Goal of the exercise - For this task, output every entry below exactly and omit the pictures.

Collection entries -
*** Block opens ***

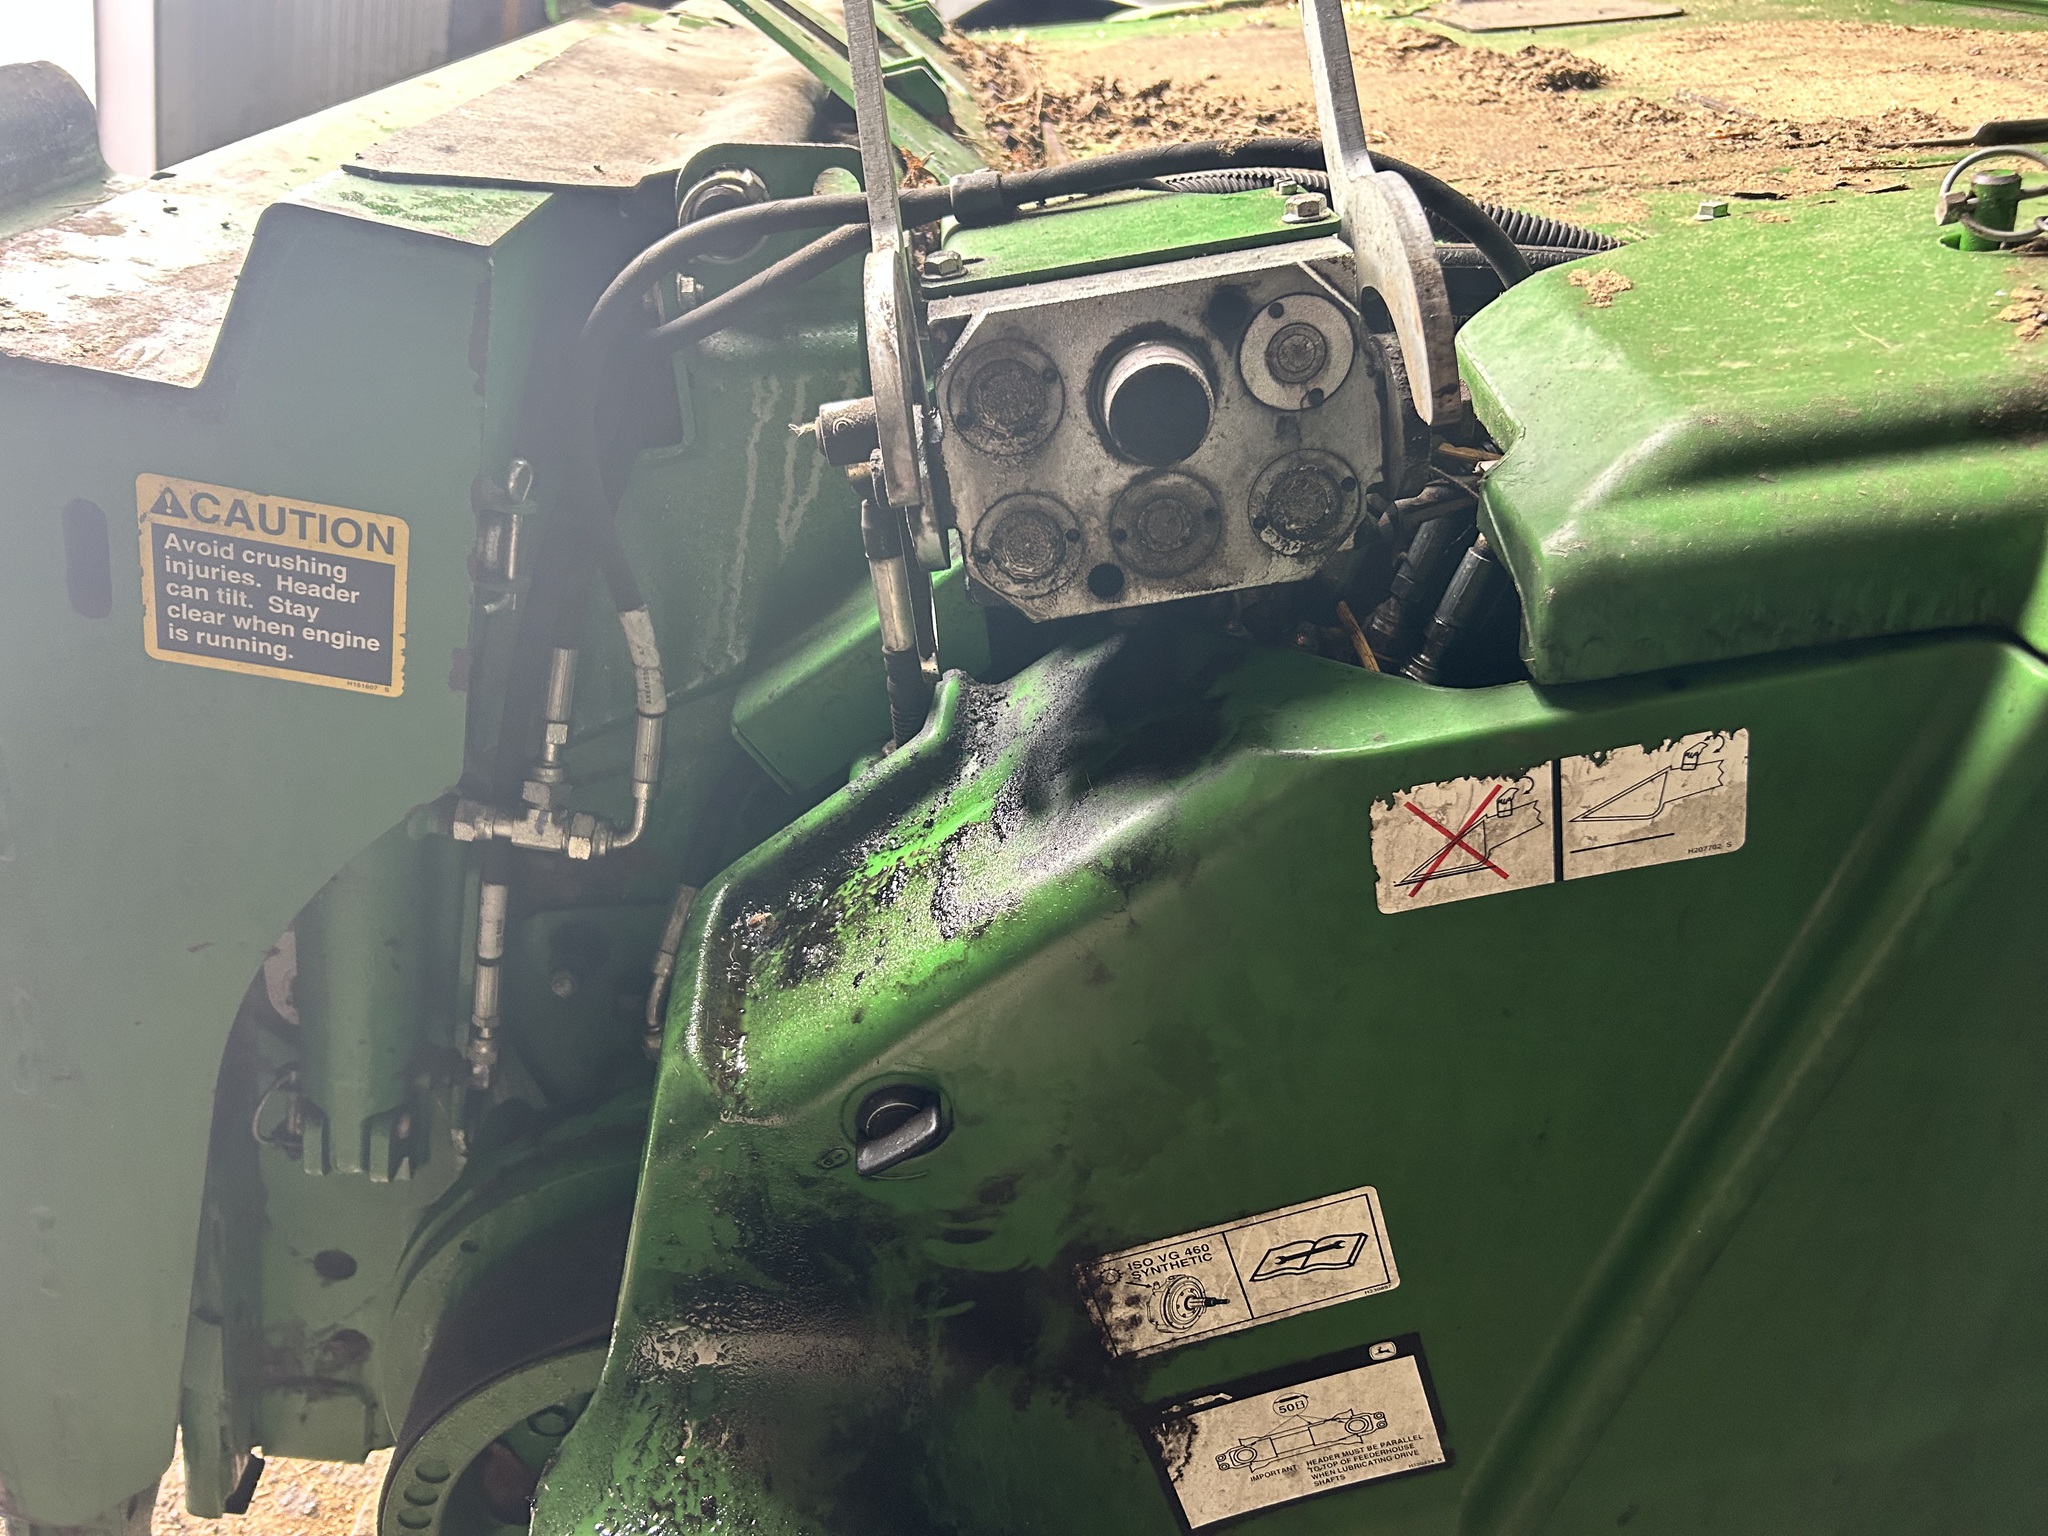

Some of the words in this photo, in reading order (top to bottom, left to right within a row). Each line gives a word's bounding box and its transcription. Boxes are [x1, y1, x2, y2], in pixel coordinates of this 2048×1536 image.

[190, 492, 395, 555] CAUTION
[164, 532, 234, 560] Avoid
[242, 549, 348, 582] crushing
[165, 555, 262, 588] injuries.
[277, 575, 360, 604] Header
[166, 582, 209, 601] can
[216, 587, 254, 608] tilt.
[268, 595, 320, 623] Stay
[167, 604, 226, 626] clear
[232, 614, 295, 637] when
[302, 626, 381, 652] engine
[168, 623, 189, 642] is
[196, 630, 294, 661] running.
[1127, 1257, 1153, 1271] ISO
[1158, 1251, 1181, 1263] VG
[1185, 1243, 1210, 1256] 460
[1131, 1253, 1213, 1279] SYNTHETIC
[1306, 1453, 1341, 1466] HEADER
[1341, 1446, 1365, 1457] MUST
[1366, 1442, 1378, 1452] BE
[1379, 1433, 1424, 1448] PARALLEL
[1309, 1465, 1321, 1473] TO
[1322, 1461, 1338, 1471] TOP
[1340, 1456, 1352, 1465] OF
[1353, 1442, 1415, 1462] FEEDERHOUSE
[1311, 1469, 1336, 1480] WHEN
[1337, 1455, 1393, 1473] LUBRICATING
[1394, 1449, 1420, 1460] DRIVE
[1313, 1474, 1346, 1487] SHAFTS
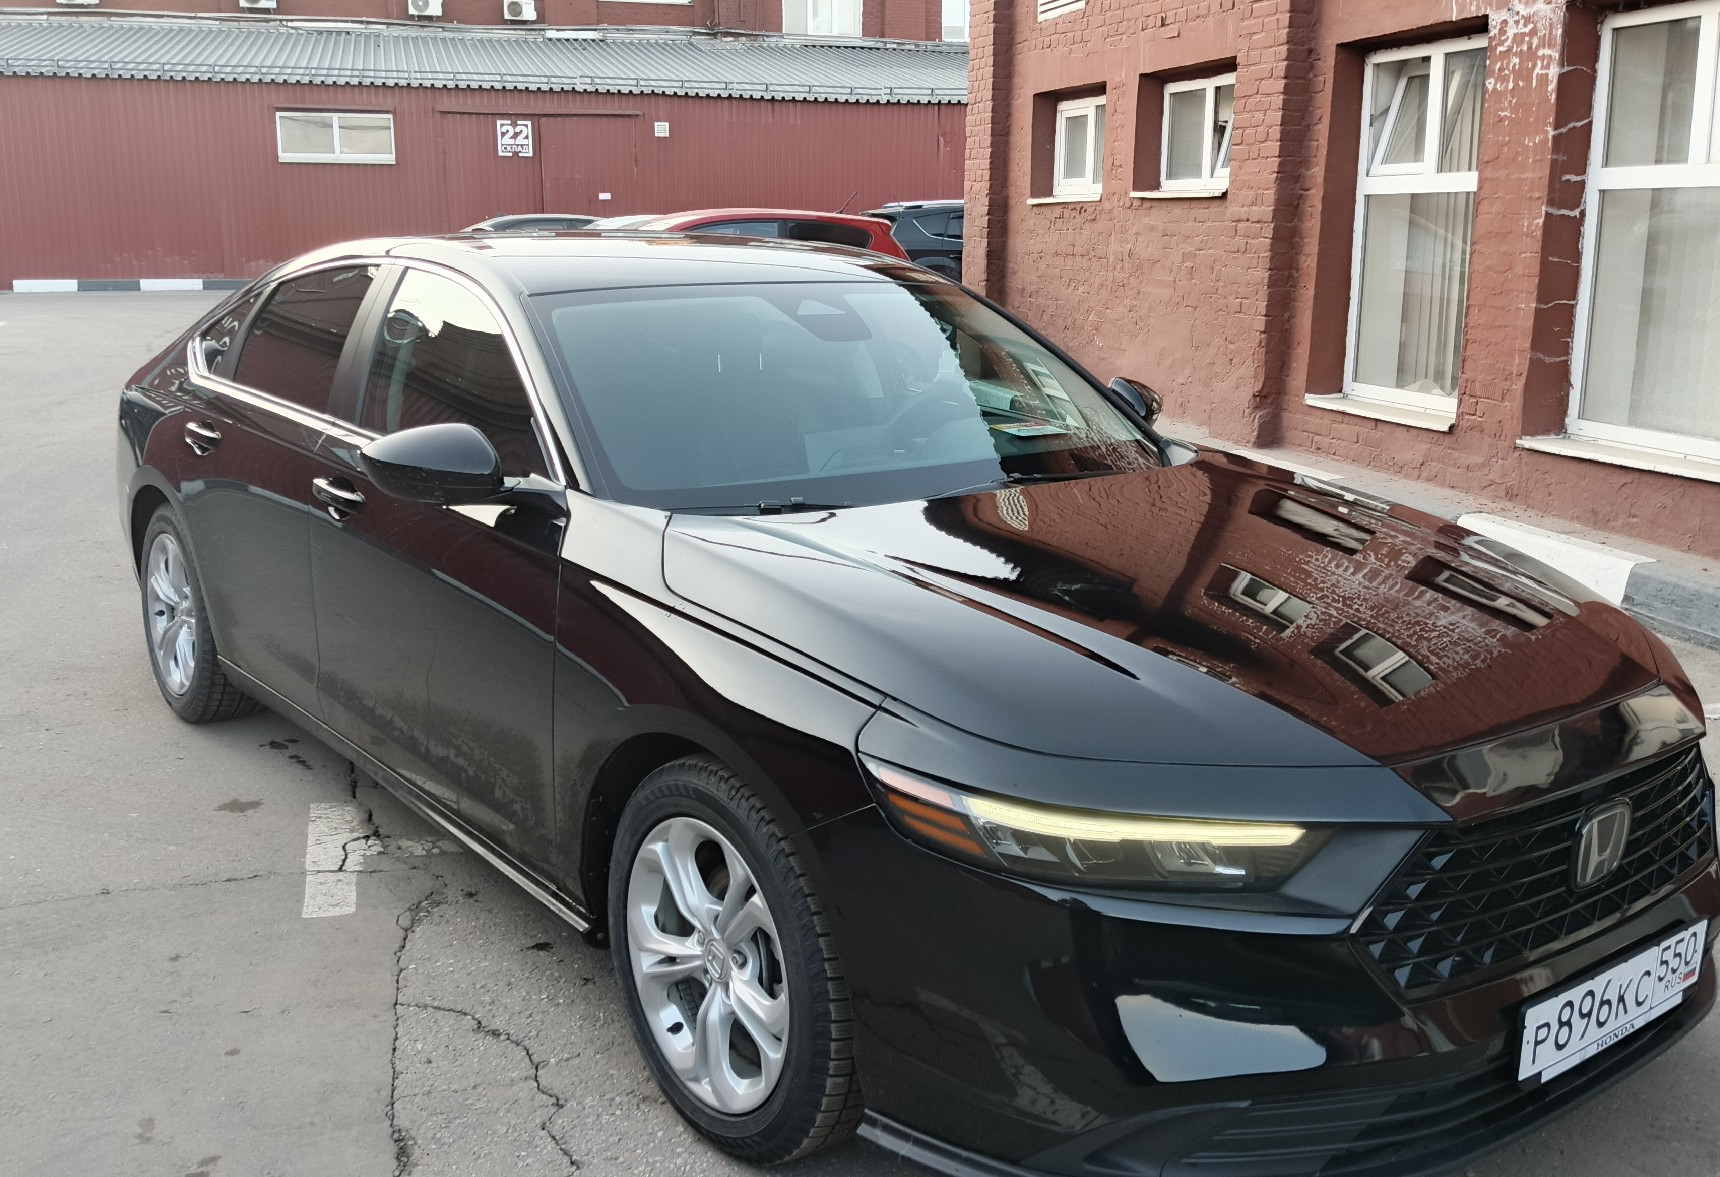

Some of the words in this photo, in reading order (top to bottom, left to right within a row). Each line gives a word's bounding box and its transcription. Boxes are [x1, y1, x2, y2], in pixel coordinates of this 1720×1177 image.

[501, 125, 529, 145] 22
[502, 145, 529, 153] СКЛАД
[1657, 930, 1698, 983] 550
[1663, 971, 1683, 993] RUS
[1596, 1022, 1636, 1050] HONDA
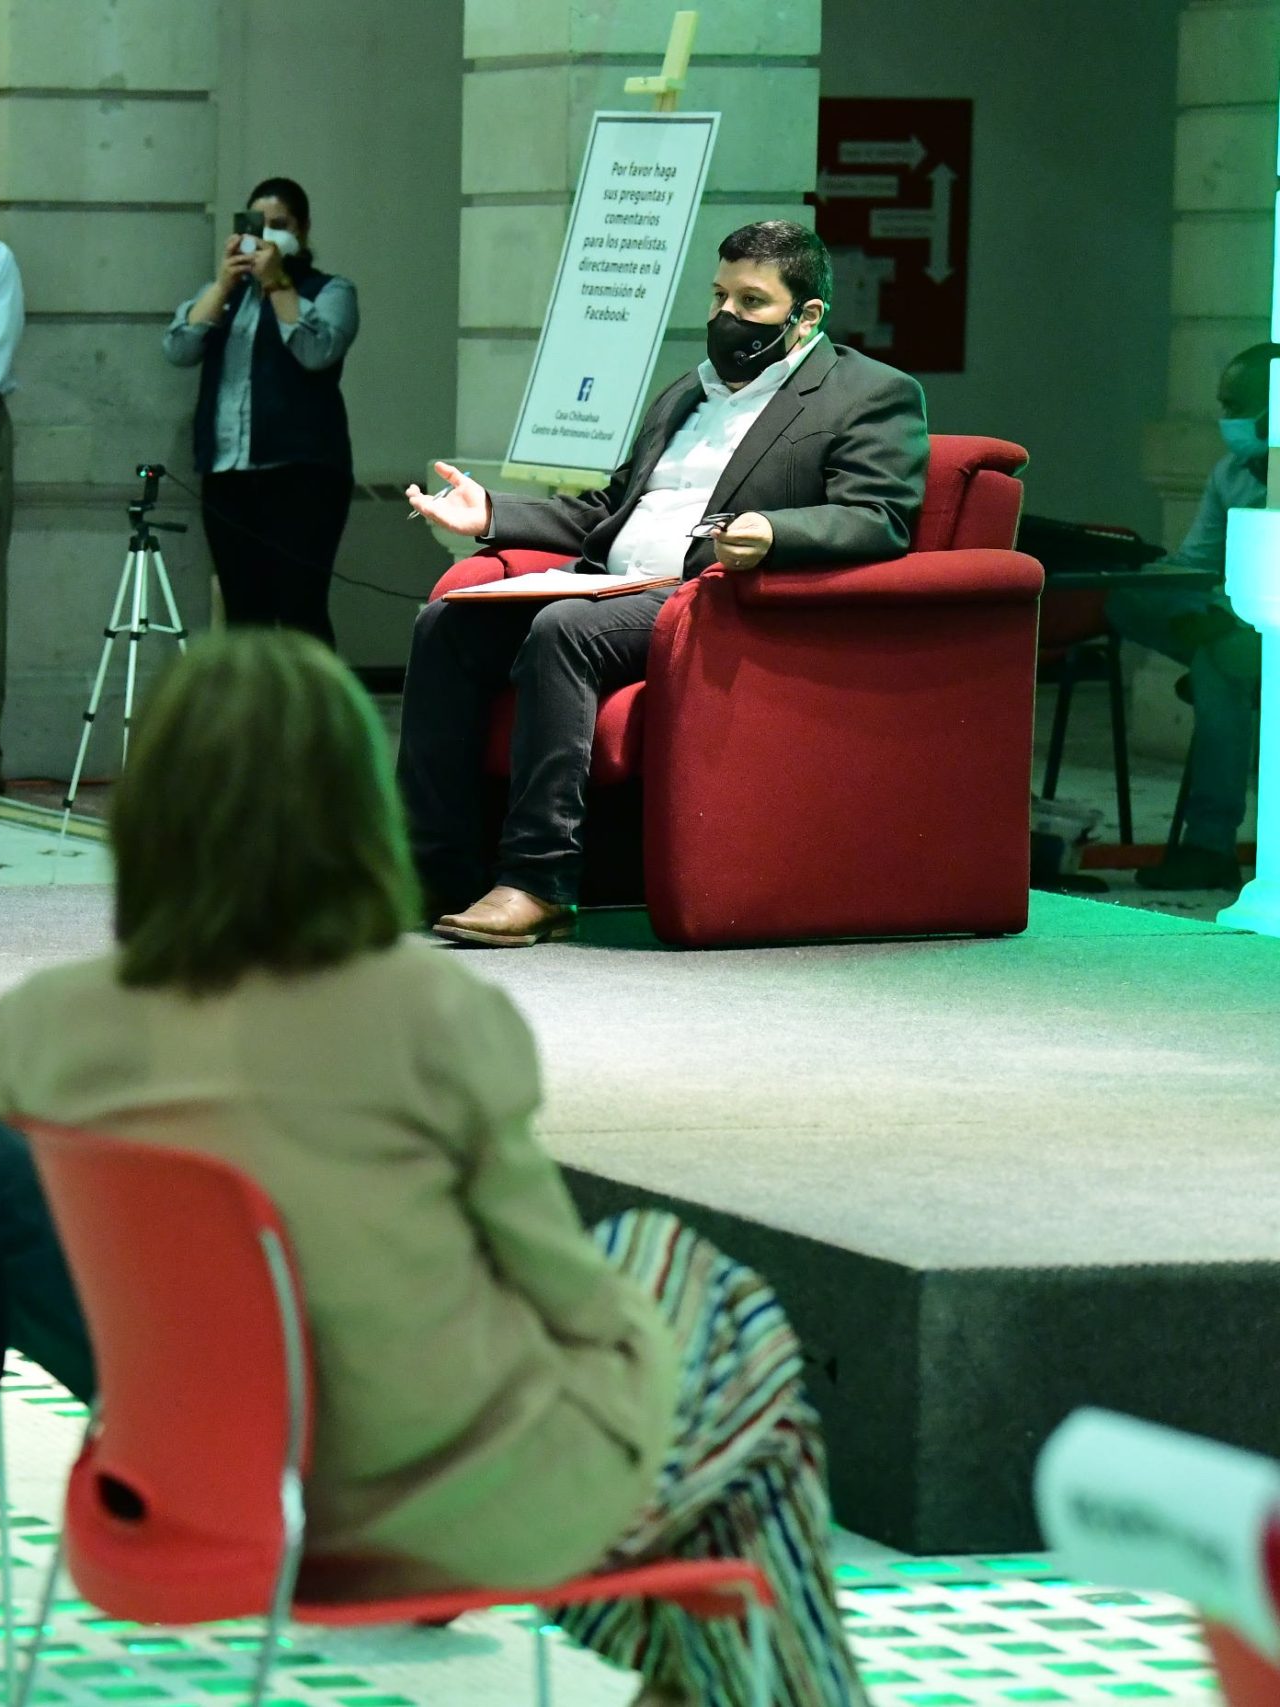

*** Block closes ***

Response below -
Some of the words in this photo, in reading order (top to bottom, left to right within a row). Each line gives a word's bounding box and its transcription. Boxes are [x1, y1, x2, y2], in pixel coordinates of this 2048×1536 image.

[190, 492, 395, 555] CAUTION
[164, 532, 234, 560] Avoid
[242, 549, 348, 582] crushing
[165, 555, 262, 588] injuries.
[277, 575, 360, 604] Header
[166, 582, 209, 601] can
[216, 587, 254, 608] tilt.
[268, 595, 320, 623] Stay
[167, 604, 226, 626] clear
[232, 614, 295, 637] when
[302, 626, 381, 652] engine
[168, 623, 189, 642] is
[196, 630, 294, 661] running.
[1127, 1257, 1153, 1271] ISO
[1158, 1251, 1181, 1263] VG
[1185, 1243, 1210, 1256] 460
[1131, 1253, 1213, 1279] SYNTHETIC
[1306, 1453, 1341, 1466] HEADER
[1341, 1446, 1365, 1457] MUST
[1366, 1442, 1378, 1452] BE
[1379, 1433, 1424, 1448] PARALLEL
[1309, 1465, 1321, 1473] TO
[1322, 1461, 1338, 1471] TOP
[1340, 1456, 1352, 1465] OF
[1353, 1442, 1415, 1462] FEEDERHOUSE
[1311, 1469, 1336, 1480] WHEN
[1337, 1455, 1393, 1473] LUBRICATING
[1394, 1449, 1420, 1460] DRIVE
[1313, 1474, 1346, 1487] SHAFTS

Some of the words in this photo, in reading order (top to bottom, left to right within a row). Each line gives a word's bounding box and its transcription. Boxes are [x1, y1, x2, y2], in pixel coordinates of this 1720×1177 image.

[501, 125, 529, 145] 22
[502, 145, 529, 153] СКЛАД
[1657, 930, 1698, 983] 550
[1663, 971, 1683, 993] RUS
[1596, 1022, 1636, 1050] HONDA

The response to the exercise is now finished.